Annotated photo localization data
★ ★ ★ ★ ★ ★ ★

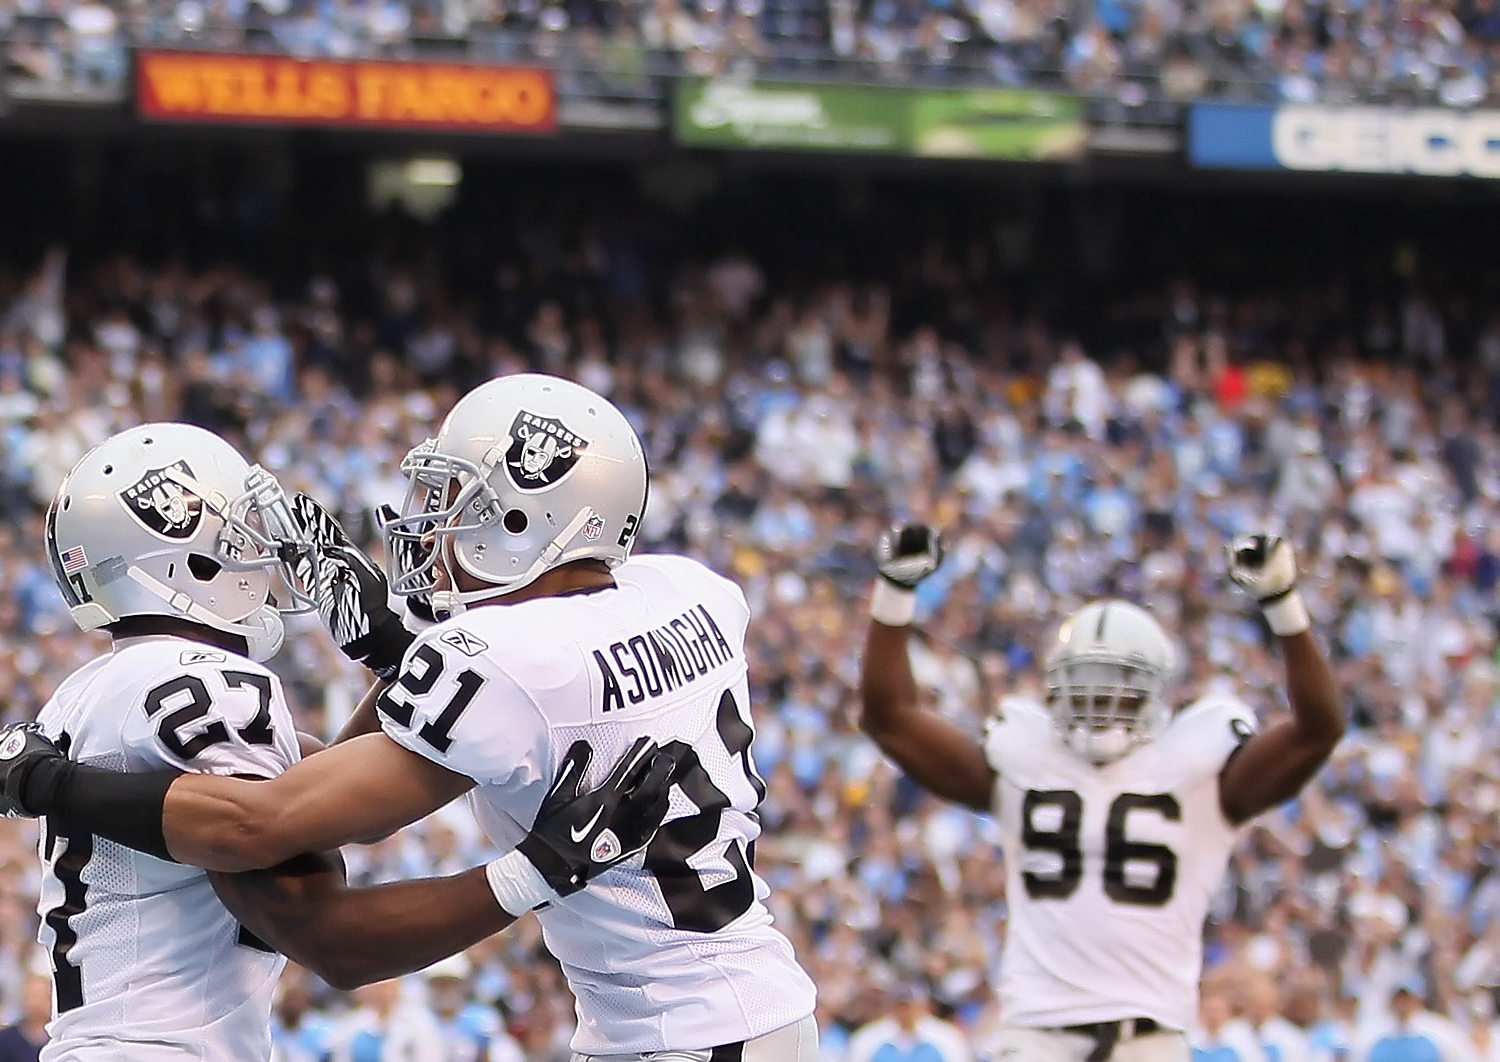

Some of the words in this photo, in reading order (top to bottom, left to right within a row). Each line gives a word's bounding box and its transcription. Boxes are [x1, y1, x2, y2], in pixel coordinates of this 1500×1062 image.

[145, 52, 350, 119] WELLS
[354, 61, 553, 126] FARGO
[522, 413, 583, 447] RAIDERS
[143, 670, 276, 760] 27
[376, 643, 488, 755] 21
[1020, 788, 1182, 908] 96
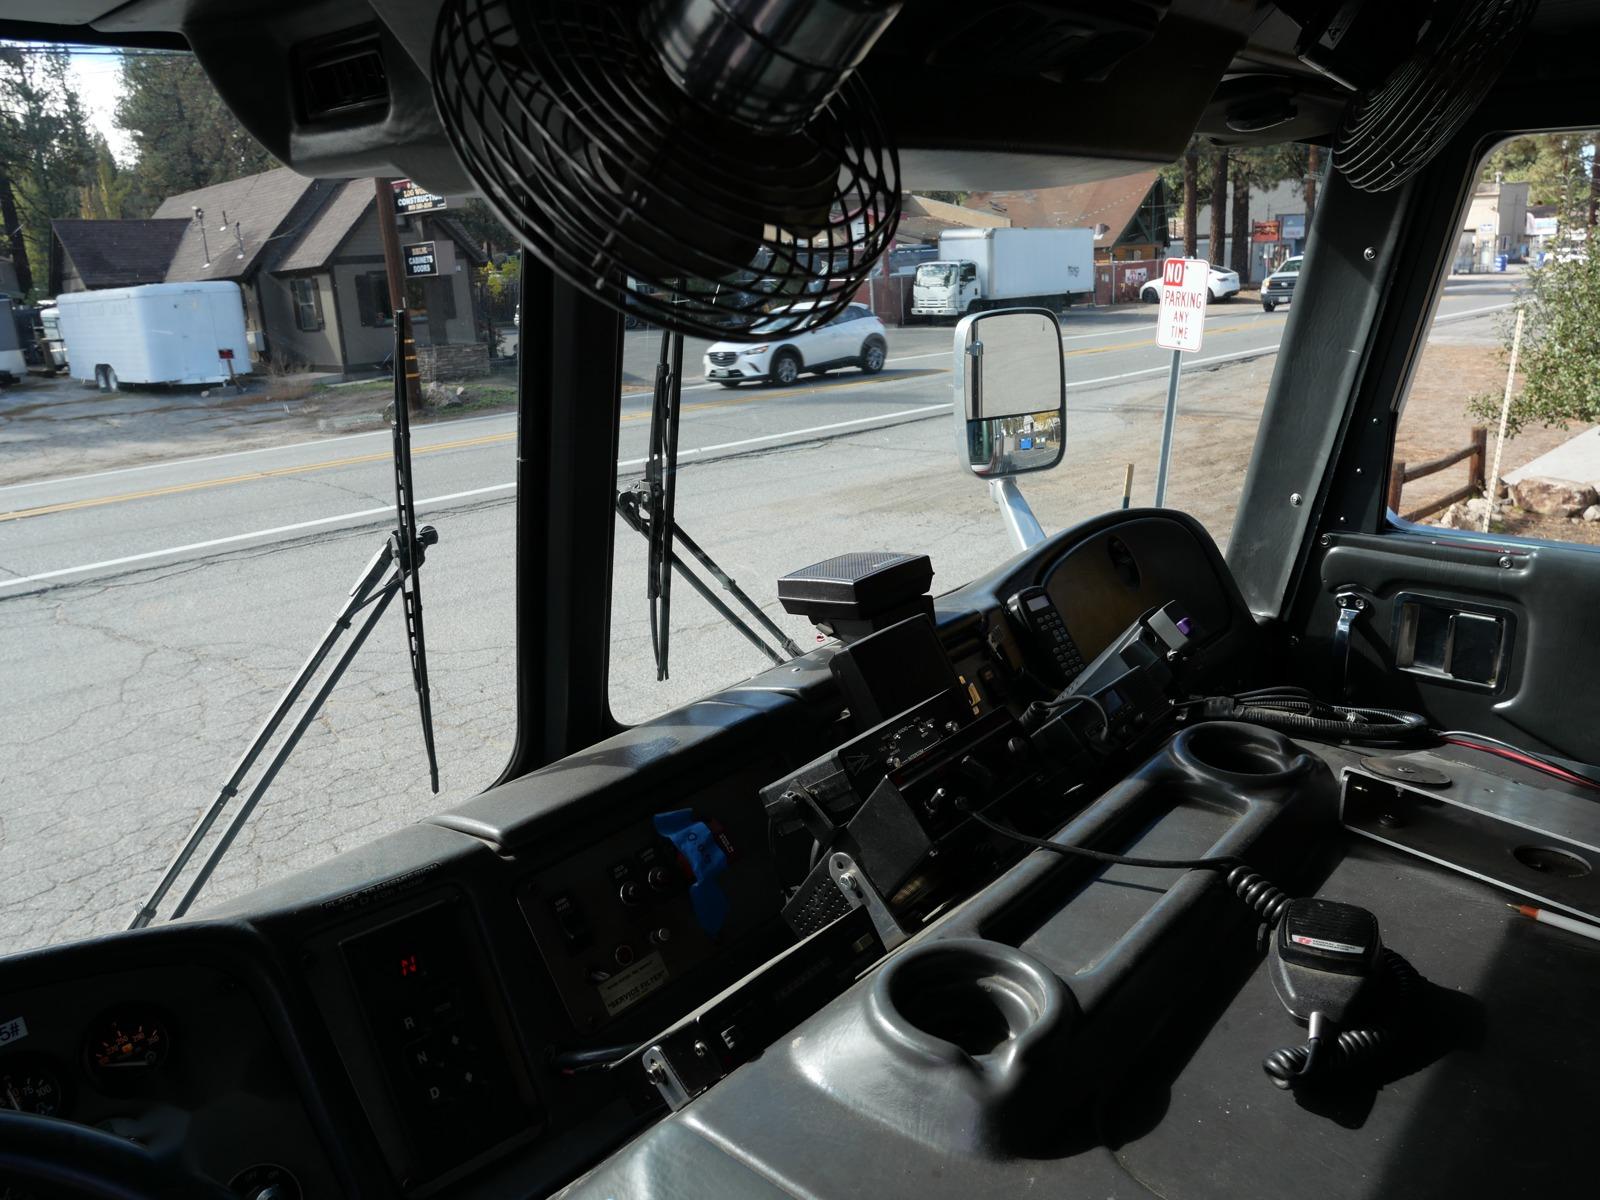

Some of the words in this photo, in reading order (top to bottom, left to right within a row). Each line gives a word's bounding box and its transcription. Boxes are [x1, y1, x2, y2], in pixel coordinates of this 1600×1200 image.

[408, 255, 434, 265] CABINETS
[413, 264, 431, 273] DOORS
[1165, 263, 1182, 283] NO
[1164, 290, 1202, 309] PARKING
[1173, 310, 1190, 323] ANY
[1171, 325, 1189, 340] TIME
[403, 1017, 415, 1030] R
[416, 1050, 429, 1065] N
[429, 1085, 441, 1101] D
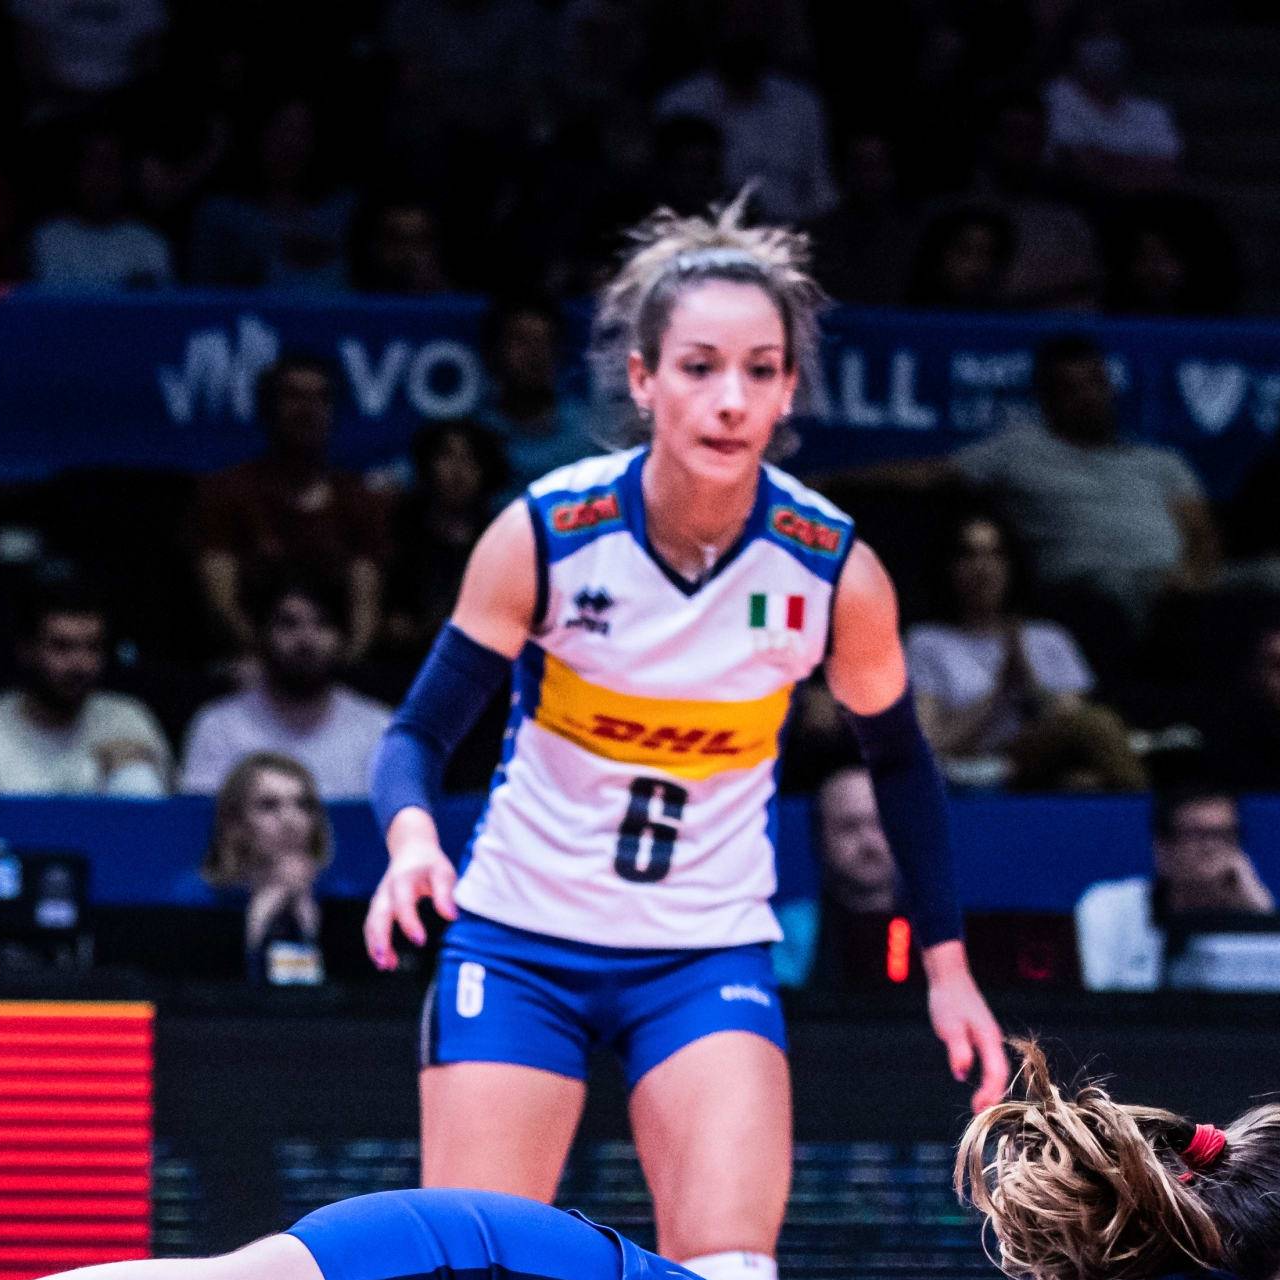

★ ★ ★ ★ ★ ★ ★

_Goal of the exercise_:
A complete and exact copy of the records is required. Exclude the pictures.

_Answer to this task_:
Some of the words in this photo, in reading order (top to bottom, left to right within a row). Each line gives a word's bounding box and its transcription. Boxes are [x1, y1, x2, y2], in pixel coordinates of this 1500×1062 image.

[145, 52, 350, 119] WELLS
[354, 61, 553, 126] FARGO
[522, 413, 583, 447] RAIDERS
[143, 670, 276, 760] 27
[376, 643, 488, 755] 21
[1020, 788, 1182, 908] 96

Some of the words in this photo, in reading order (top to bottom, left to right within a row). Each line gives a word's bounding box and its transcription. Boxes are [x1, y1, x2, y2], in pixel coordinates of this 1600×1200 image.

[408, 255, 434, 265] CABINETS
[413, 264, 431, 273] DOORS
[1165, 263, 1182, 283] NO
[1164, 290, 1202, 309] PARKING
[1173, 310, 1190, 323] ANY
[1171, 325, 1189, 340] TIME
[403, 1017, 415, 1030] R
[416, 1050, 429, 1065] N
[429, 1085, 441, 1101] D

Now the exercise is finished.